Big tech earnings and market dynamics

  • Big headlines
    • S&P 500 reached new highs driven by tech.
    • Meta: revenue up 24% YoY; continued heavy AI/CAPEX investment (projected up to $135B by 2026).
    • Microsoft: strong cloud growth (Azure), CapEx rising ($37.5B), backlog of commercial bookings rose substantially tied partly to OpenAI deals.
    • Tesla: revenue pressures and a 61% drop in net income quarter; pivot towards robotics/XAI; $2B investment disclosed in XAI; stock behavior remains disconnected to fundamentals.
    • Amazon: layoffs (~10% of corporate staff previously) and continued investment in AI/industrial robotics; aims to grow retail revenue without headcount increases.
    • Pinterest and others: layoffs, subscale challenges.
  • Host analysis / macro takeaways
    • AI is driving massive CapEx and is being used to both expand product capability and cut labor (“corporate Ozempic” metaphor).
    • Markets are concentrated: a handful of tech giants now drive a disproportionate share of S&P returns.
    • Skepticism about overvaluation of AI‑native companies (NVIDIA, OpenAI, Anthropic), with greater near-term shareholder value expected from practical AI applications (ad targeting, autonomy, cloud, industrial robotics).
    • Labor implications: flattening headcount, further automation in warehouses and corporate functions.

Key takeaways & recommended actions

  • If you want to participate in consumer pressure:
    • Use Scott’s suggested targeted approach: pause/cancel subscriptions to services with outsized market influence (choose level of participation).
    • Publicize receipts and participation on social platforms to create viral momentum.
    • Consider switching service providers tied directly to ICE/contracts if feasible.
  • Personal finance tips from Vivian Tu:
    • Adjust W‑4 to reduce interim withholding and consolidate tax payments (be careful to avoid underpayment penalties).
    • Pay cash at small local businesses where possible; redirect savings to debt reduction or strategic causes.
    • Aim for sustained spending reduction (weeks/months), not just a single day.
  • Parenting & personal tech hygiene:
    • Collective approaches needed for kids’ device use; family rules (phone-free meetings, locked boxes) can help.
    • Prioritize real social relationships and activities that build community and cognitive challenge.
  • For watchers of tech policy and markets:
    • Watch the LA trial for discovery that could reshape regulation and corporate responsibilities.
    • Monitor AI CapEx vs. margins and labor outcomes — earnings narratives will drive market concentration and public scrutiny.

Notable quotes & soundbites

  • Scott Galloway: “The most radical act in a capitalist society, hands down, is non‑participation.”
  • Kara Swisher: “The number one thing — relationships.
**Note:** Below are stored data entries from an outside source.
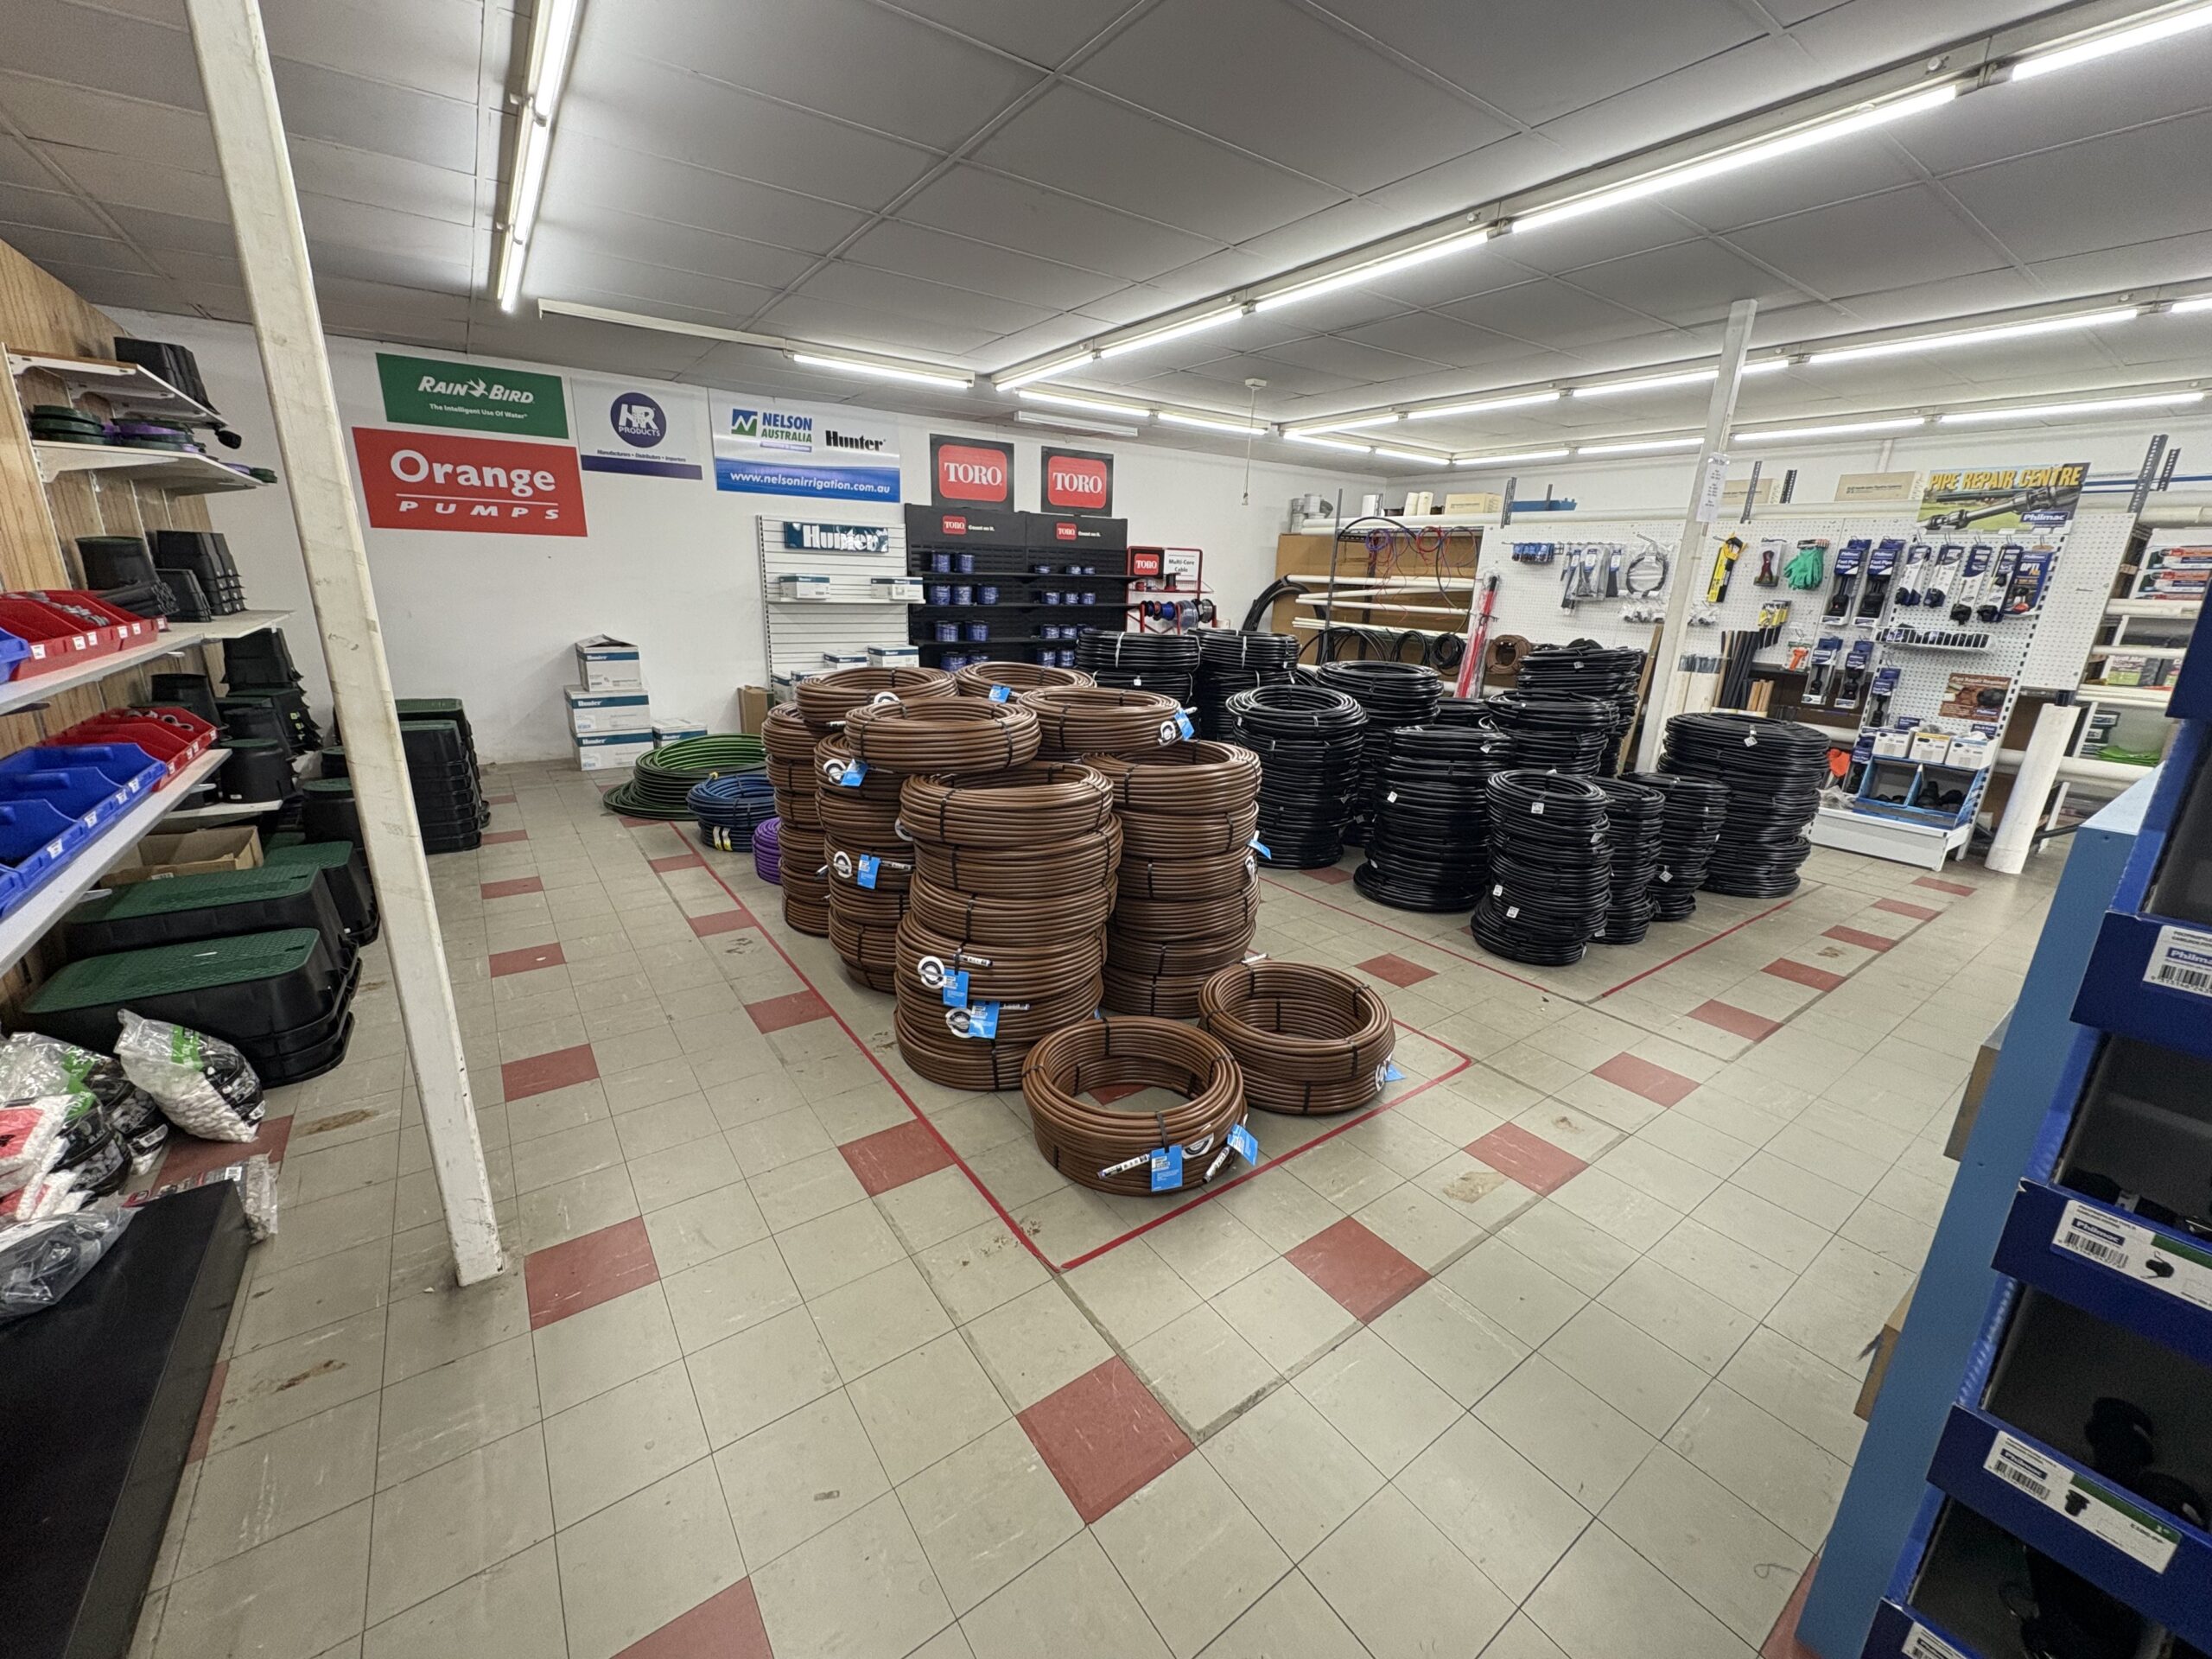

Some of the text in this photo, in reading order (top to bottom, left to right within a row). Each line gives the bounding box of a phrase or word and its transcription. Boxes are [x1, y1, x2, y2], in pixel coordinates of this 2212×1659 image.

[417, 375, 534, 404] RAIN BIRD
[444, 405, 480, 415] Intelligent
[619, 426, 660, 437] PRODUCTS
[762, 412, 813, 431] NELSON
[761, 428, 813, 442] AUSTRALIA
[825, 430, 884, 451] Hunter
[391, 449, 556, 497] Orange
[730, 472, 891, 493] www.nelsonirrigation.com.au
[944, 462, 1002, 486] TORO
[1052, 472, 1103, 493] TORO
[1928, 467, 2083, 491] PIPE REPAIR CENTRE
[398, 501, 559, 519] PUMPS
[1136, 560, 1157, 569] TORO
[2076, 1220, 2120, 1243] Philmac
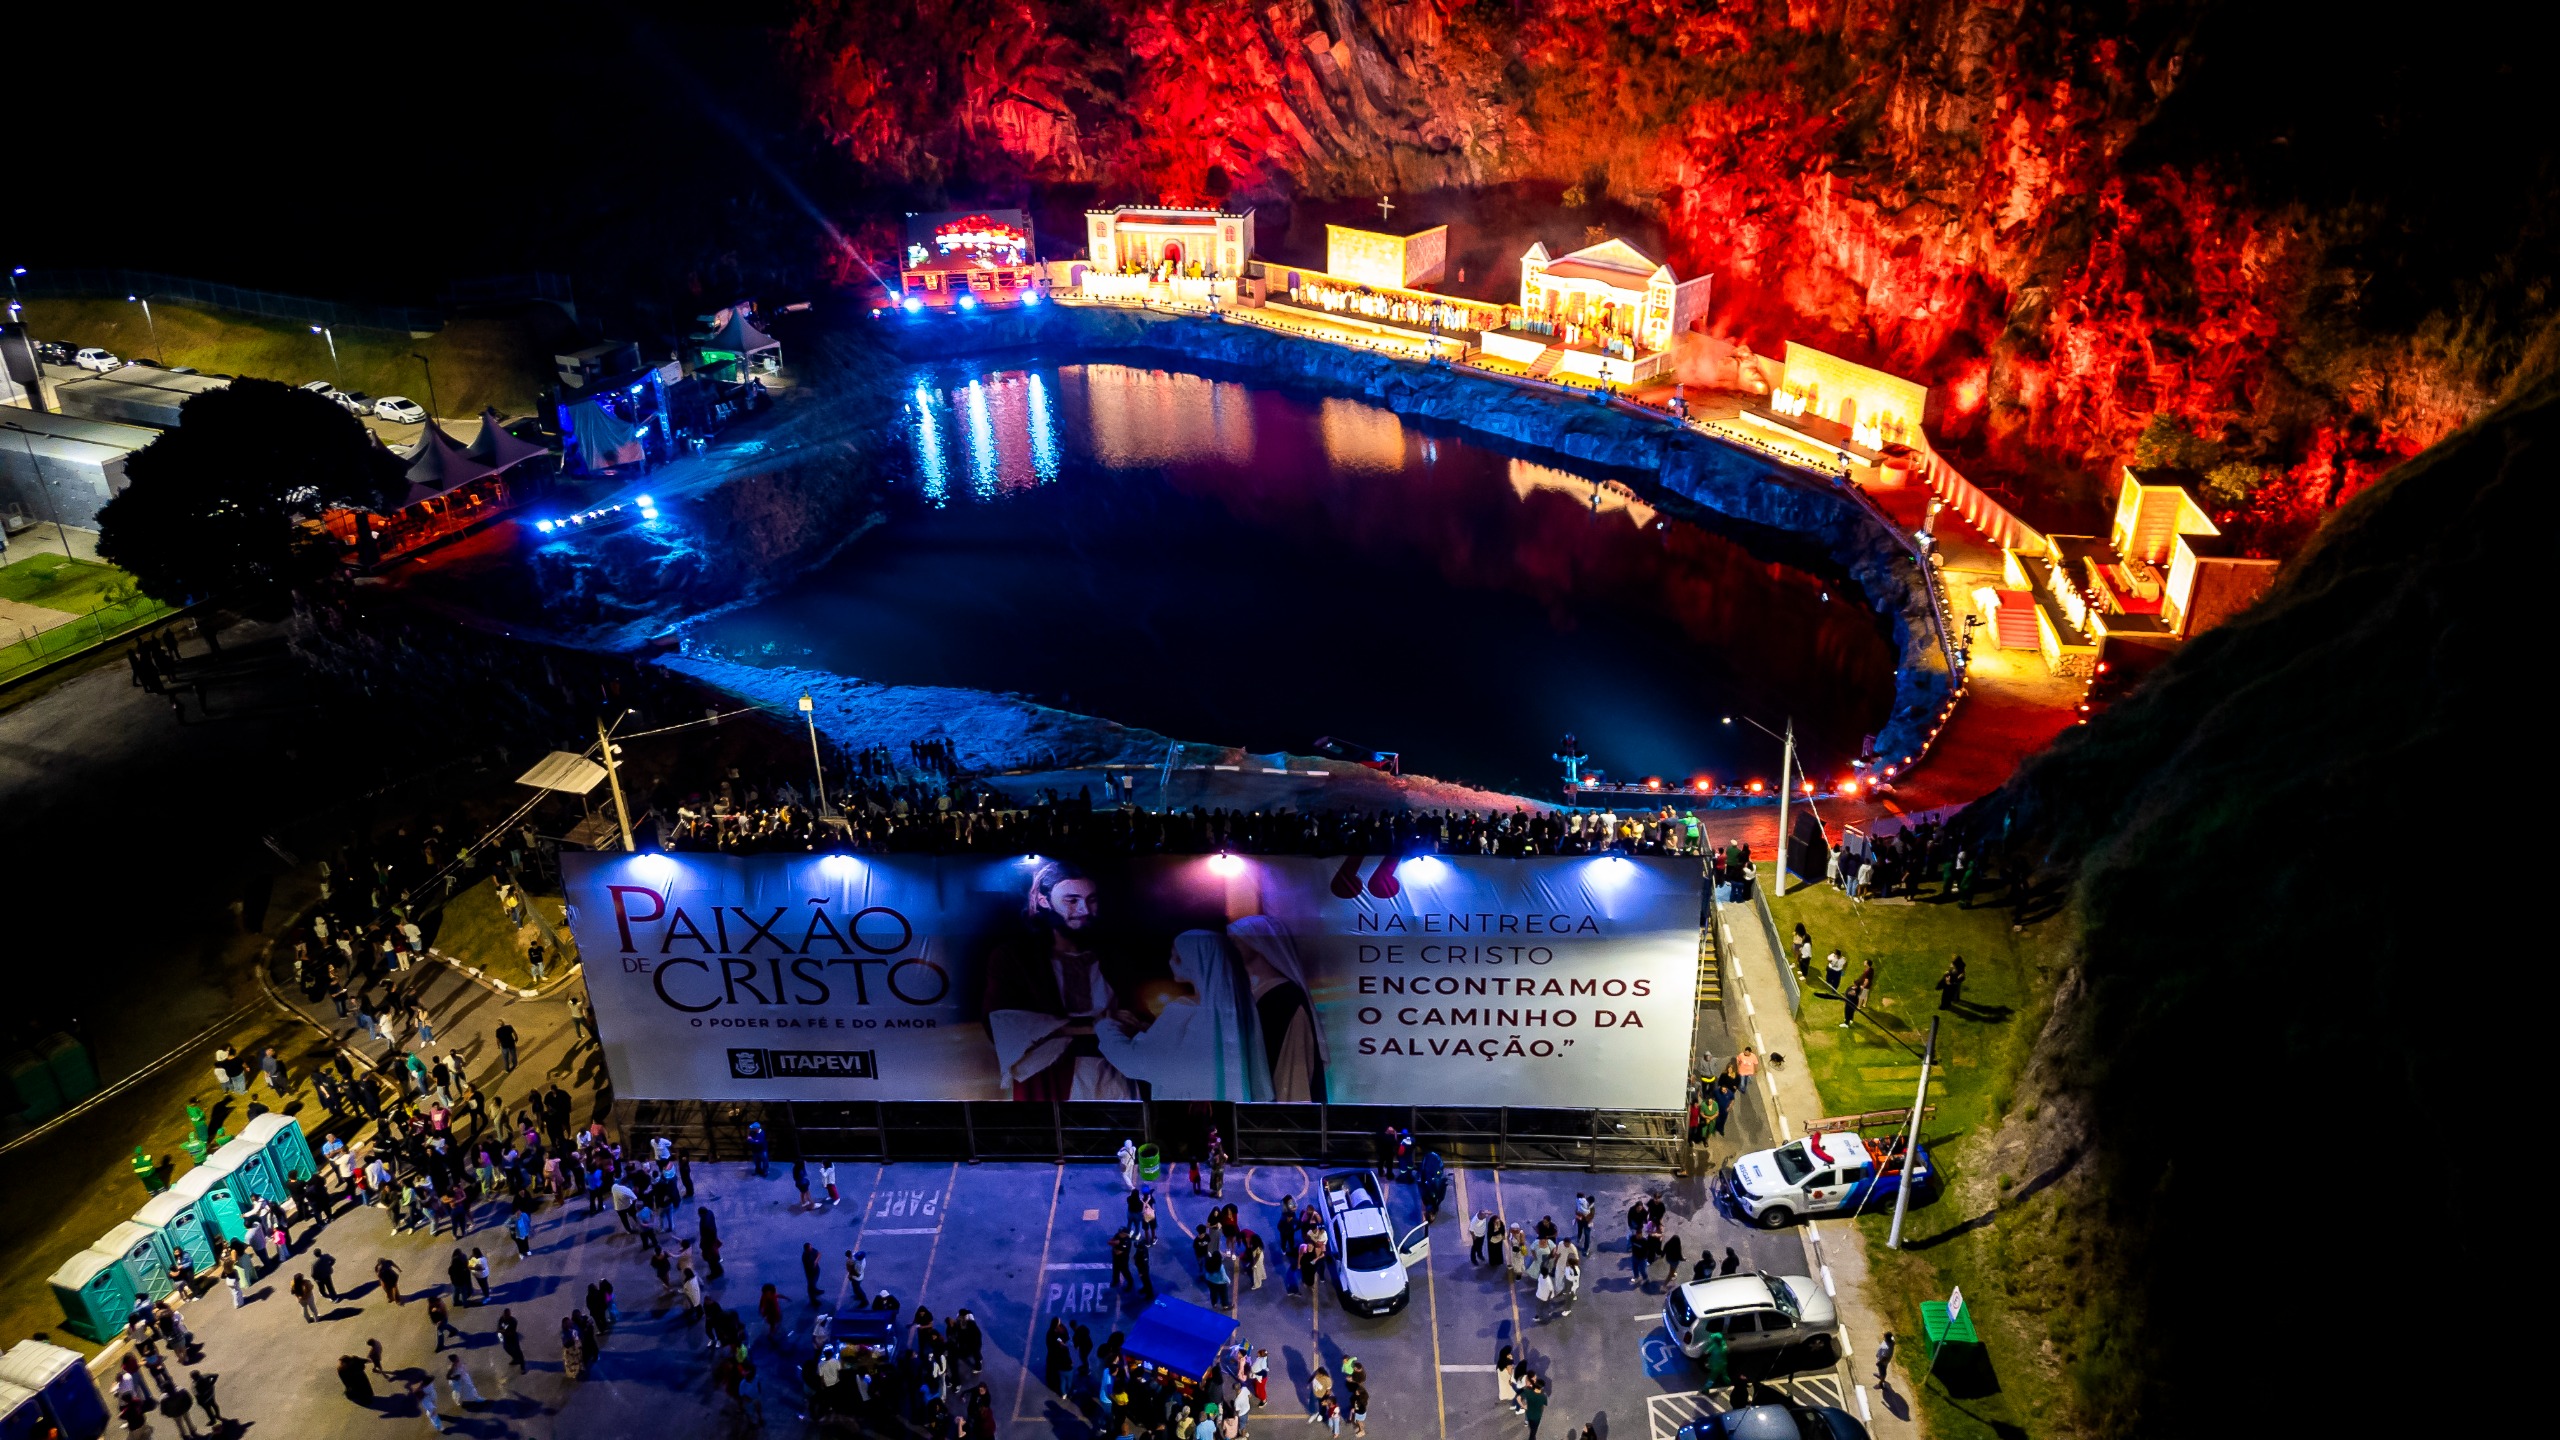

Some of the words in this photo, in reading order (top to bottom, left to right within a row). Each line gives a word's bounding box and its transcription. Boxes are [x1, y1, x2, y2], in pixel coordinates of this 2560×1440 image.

[606, 885, 912, 955] PAIXÃO
[1358, 913, 1407, 933] NA
[1424, 913, 1601, 935] ENTREGA
[1360, 945, 1404, 964] DE
[1421, 946, 1553, 966] CRISTO
[623, 957, 652, 974] DE
[652, 957, 950, 1013] CRISTO
[1358, 976, 1651, 998] ENCONTRAMOS
[690, 1018, 703, 1028] O
[709, 1018, 770, 1029] PODER
[777, 1018, 802, 1028] DA
[808, 1016, 829, 1028] FÉ
[836, 1018, 845, 1028] E
[852, 1018, 878, 1029] DO
[884, 1018, 937, 1029] AMOR
[1358, 1007, 1382, 1026] O
[1397, 1007, 1578, 1029] CAMINHO
[1594, 1010, 1644, 1029] DA
[779, 1055, 862, 1070] ITAPEVI
[1045, 1282, 1111, 1314] PARE
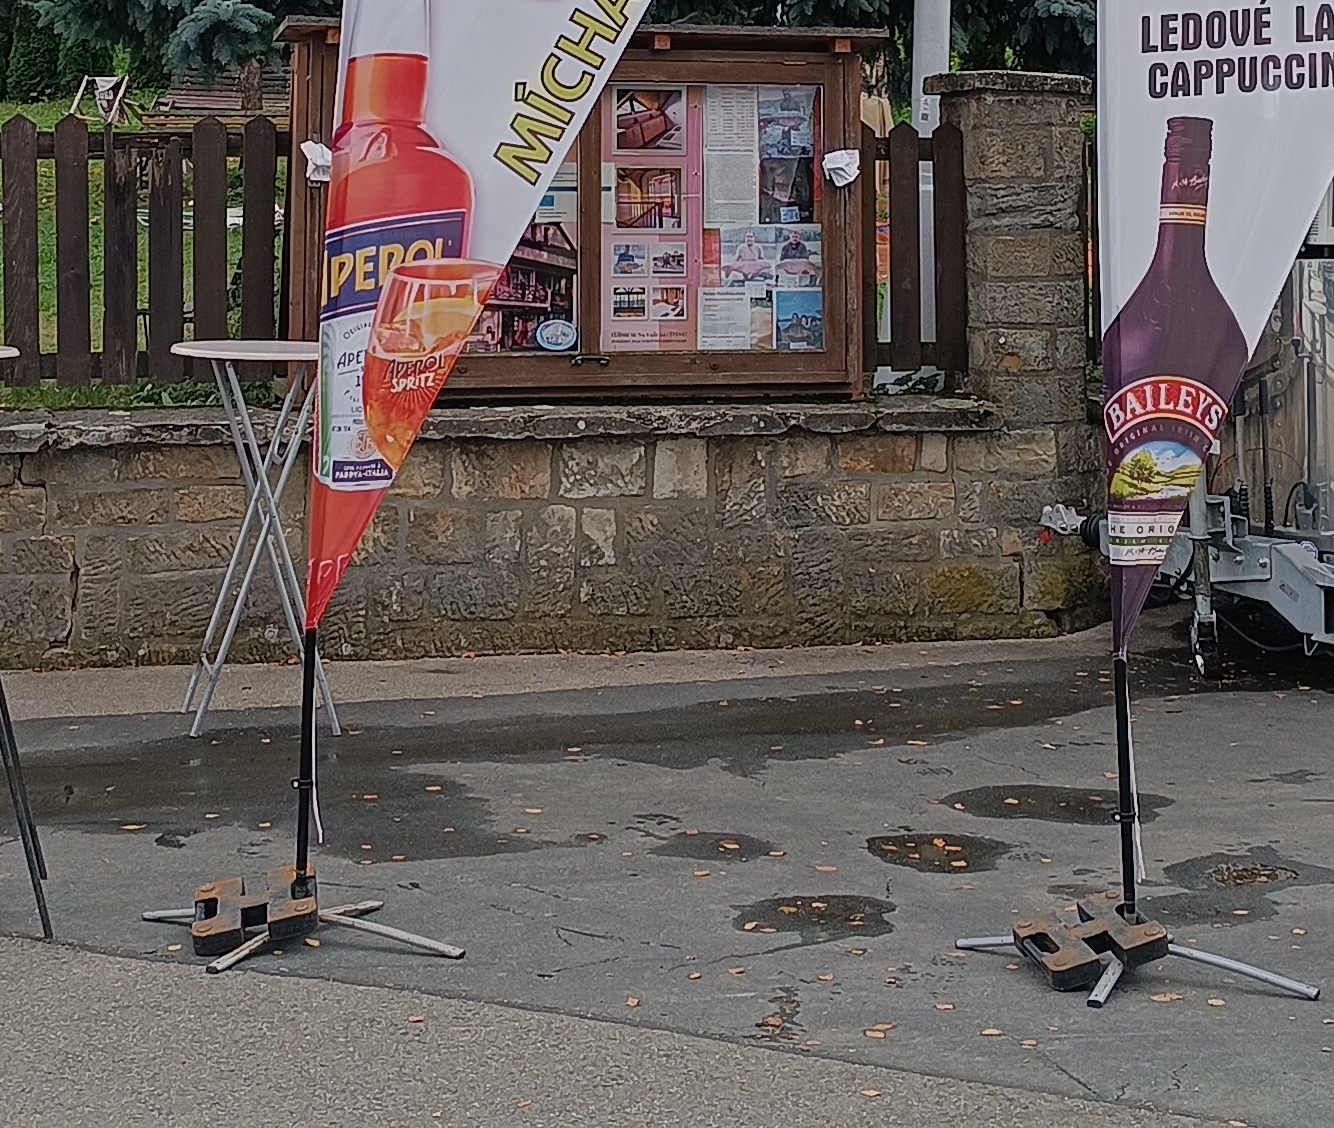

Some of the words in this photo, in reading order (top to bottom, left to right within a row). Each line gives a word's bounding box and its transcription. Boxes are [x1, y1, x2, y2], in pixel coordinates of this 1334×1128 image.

[384, 352, 446, 382] APEROL
[391, 372, 436, 393] SPRITZ
[1108, 383, 1223, 430] BAILEYS
A hundred percent.” (on longevity)
  • Framing: hosts repeatedly liken social media litigation to Big Tobacco — internal knowledge of harm vs public messaging.

Final notes

  • The episode mixes prescriptive civic tactics (targeted consumer withdrawal) with cultural critique (corporate moral responsibility) and market analysis (AI-driven capex and layoffs).
  • Listeners are encouraged to weigh their means and decide participation level; the campaign/service tools promised aim to make participation simple and scalable.